Xi Jinping's recent visit to Moscow in May was not a diplomatic gesture, but a military and economic statement. China is no longer pretending to be neutral. It is a direct beneficiary of the war, and its support for the Russian defense industry has become structural.

Xi Jinping's meeting with Putin in Moscow in early May, dedicated to the so-called Victory Day as they call it in Russian, 2025, was the culmination of a bilateral escalation against the United States and Europe.

The joint statement of May 8 sent key signals that Moscow and Beijing will coordinate foreign policy for the sake of strategic balance, deepen defense-industrial cooperation, and create a common economic platform to counter unipolarity. Translated from diplomatic language: China recognises itself as a partner of the Russian Federation in a long-term confrontation with the West.

This alliance is not a union of equals. Putin is already in the role of a junior vassal, but this is what makes him dangerous. Xi dictates the rules, Russia complies, and in exchange, it receives access to critical technologies, without which the Russian war would have been over in 2023. Now this assistance is becoming systemic.

Defense Ties Go Deep: Over 30 New Agreements

The agreements signed on May 7-9 cover more than 30 areas, from drones to optoelectronics, from mechanical engineering to communications. A separate intergovernmental working group to coordinate the defense industry has been established.. The real message is: Beijing is openly siding with the Kremlin.

Technology Exchange: What China Gives Russia – Directly and Through Proxies

The modern Russian army without Chinese components is old iron. More than 60% of the chips found in Russian missiles come from China. And not only directly. Through proxy companies in Hong Kong, Singapore, Kazakhstan, Kyrgyzstan, Turkey, and even Africa.

After the May meeting, separate agreements were signed on technology transfer in the production of FPV drones, optical sights, gyroscopes for UAVs, laser rangefinders, and electronic warfare. New legal entities have been created to circumvent the sanctions – they will be engaged in procurement, logistics and joint production in Russia.

A separate area is machine tools and industrial platforms for metal processing. Most companies in Russia that produce shells, missiles, and artillery systems are technically tied to Chinese machines. Without them, repairs and scaling are impossible.

Another critical sector is navigation and telemetry systems. Chinese chips, matrices, and software are integrated into Russian weapons not only as components, but as the basis. Without them, no Geranium, Lancet, Orlan drones, or modernized S-400 or X-101 can be built.

Investments: How Beijing is Financing Russia's Military Capabilities

Financing is another point of influence.

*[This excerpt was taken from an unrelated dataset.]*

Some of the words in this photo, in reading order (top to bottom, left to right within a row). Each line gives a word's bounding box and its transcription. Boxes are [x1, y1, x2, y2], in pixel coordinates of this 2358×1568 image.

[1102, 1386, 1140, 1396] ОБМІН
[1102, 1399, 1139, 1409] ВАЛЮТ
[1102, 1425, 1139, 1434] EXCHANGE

After Xi's visit, the parties signed an investment package. Some of it is formally “civilian” but in fact dual-purpose. Chinese funds enter logistics hubs, industrial parks, assembly plants, and transportation hubs. 

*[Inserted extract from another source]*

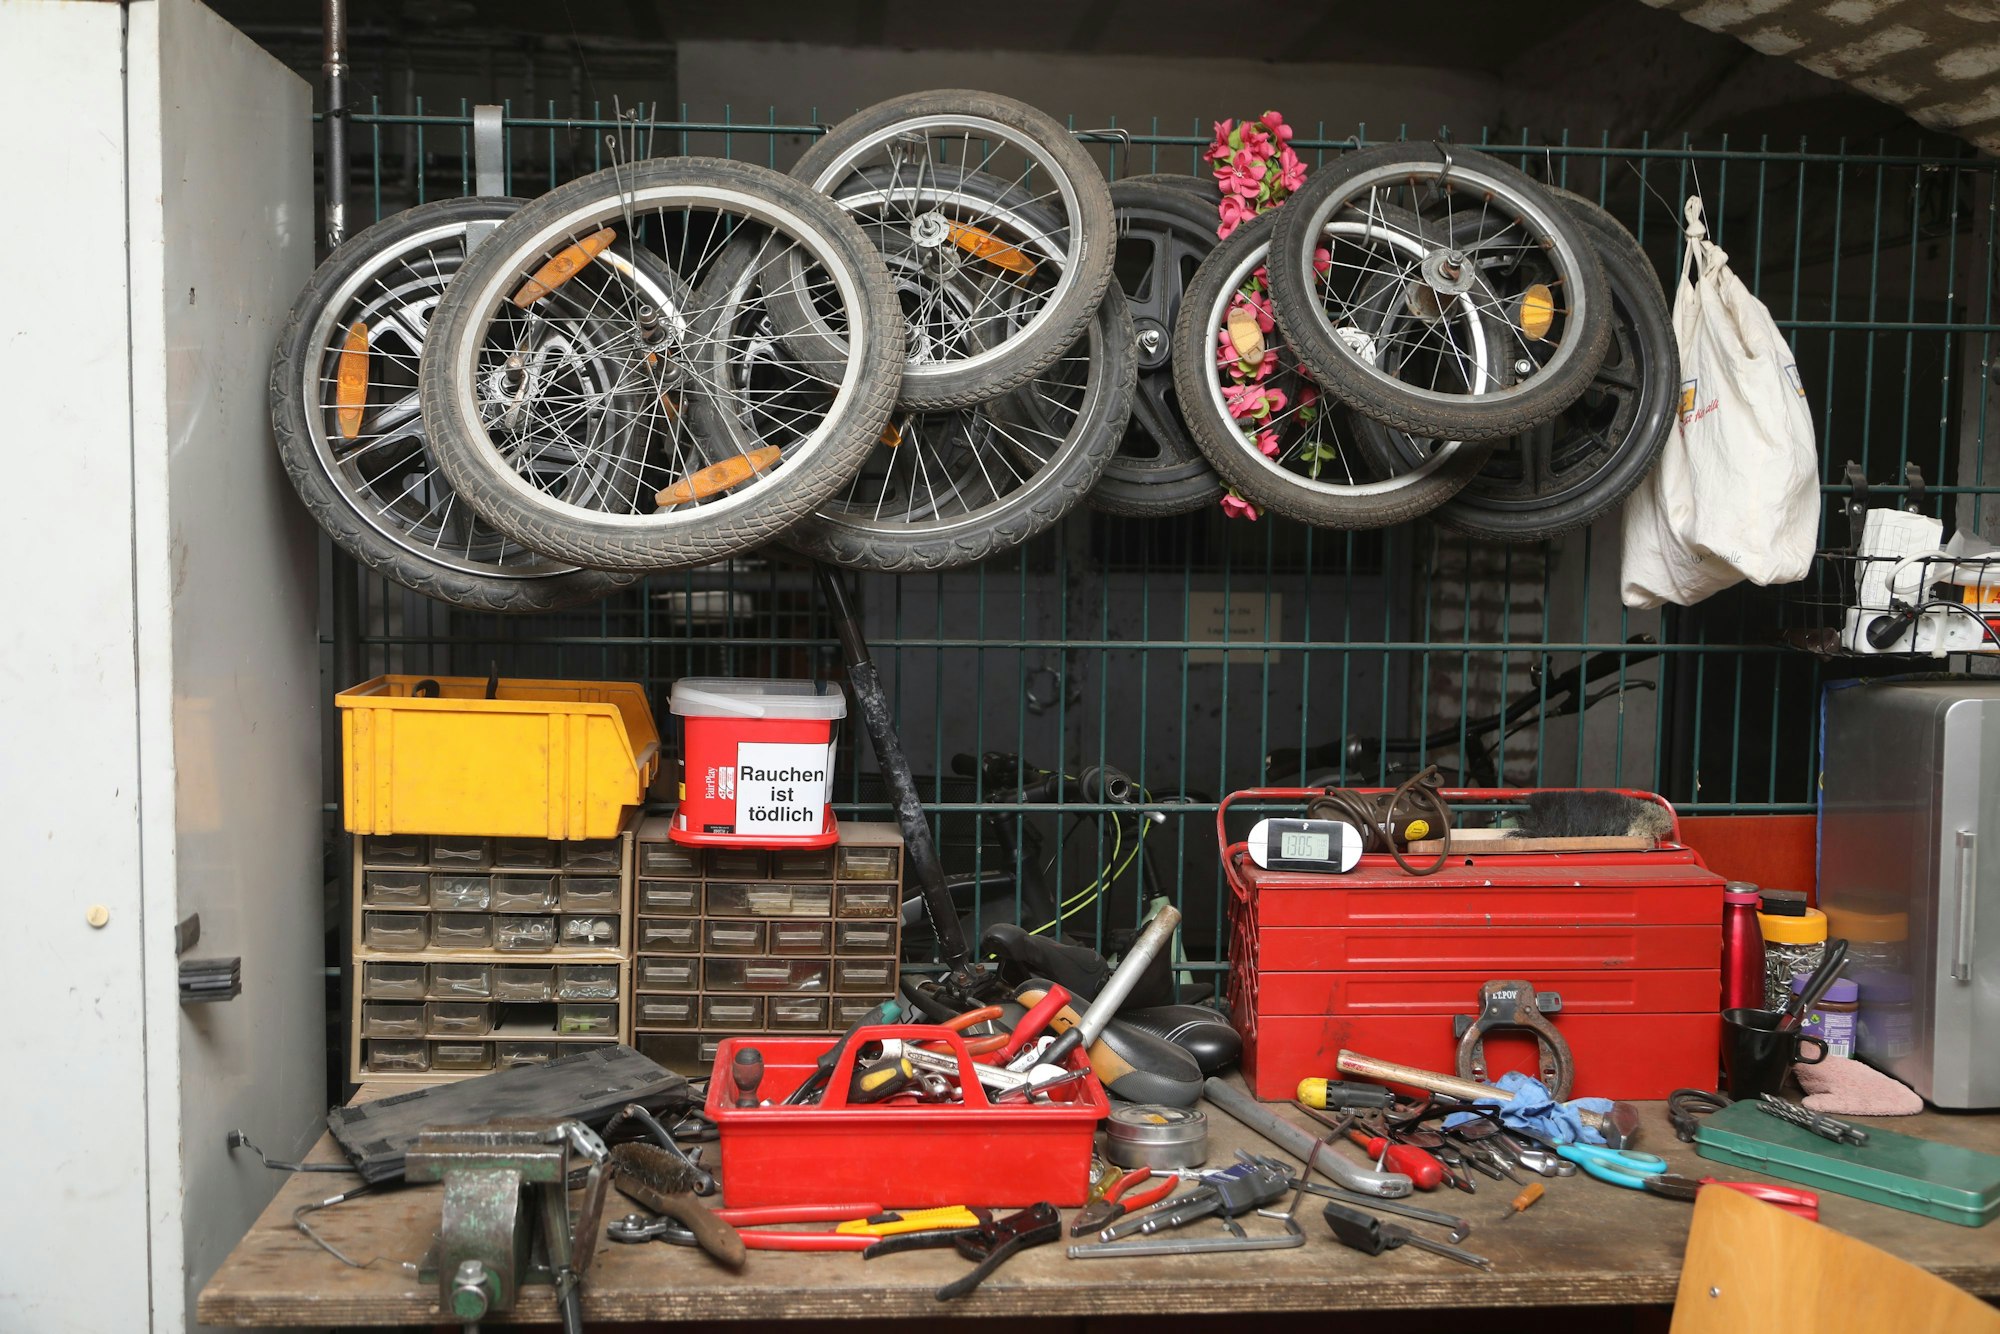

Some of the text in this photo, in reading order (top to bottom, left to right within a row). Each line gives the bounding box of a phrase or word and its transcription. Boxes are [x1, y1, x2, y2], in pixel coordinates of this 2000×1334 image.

[740, 765, 824, 782] Rauchen
[771, 786, 794, 802] ist
[748, 805, 813, 822] tödlich

A special emphasis is placed on Siberia, the Far East, and Transbaikalia, regions where Beijing wants to have a controlled industrial base.

Separate agreements have been concluded between Chinese banks (in particular, those from Shenzhen and Chengdu) and Russian manufacturers of equipment for UAVs, air defense and electronic warfare. These are second-tier banks that have no assets in the US or EU and therefore are not afraid of secondary sanctions. Payments are made through yuan, crypto-wallets, and exchange systems like UnionPay.

Beijing is acting cautiously but consistently. Its goal is not only to help Putin, but also to make Russian defense dependent on Chinese parts, engineers, and software. Beijing is not forming an ally, but a contractor. This is a long-term model of colonizing the military industry.

Why China is Doing This – and What It is Not Afraid Of Consequences 

Beijing knows exactly what is happening. China’s motivation is simple: the strategic weakness of the United States, the division of the EU, and the transformation of Russia into a dependent country with nuclear weapons. The war in Ukraine is not a tragedy for China, but an opportunity. Ignoring public statements about “peace,” Xi is deeply embedded in the war – through technology, money, diplomacy, and narratives.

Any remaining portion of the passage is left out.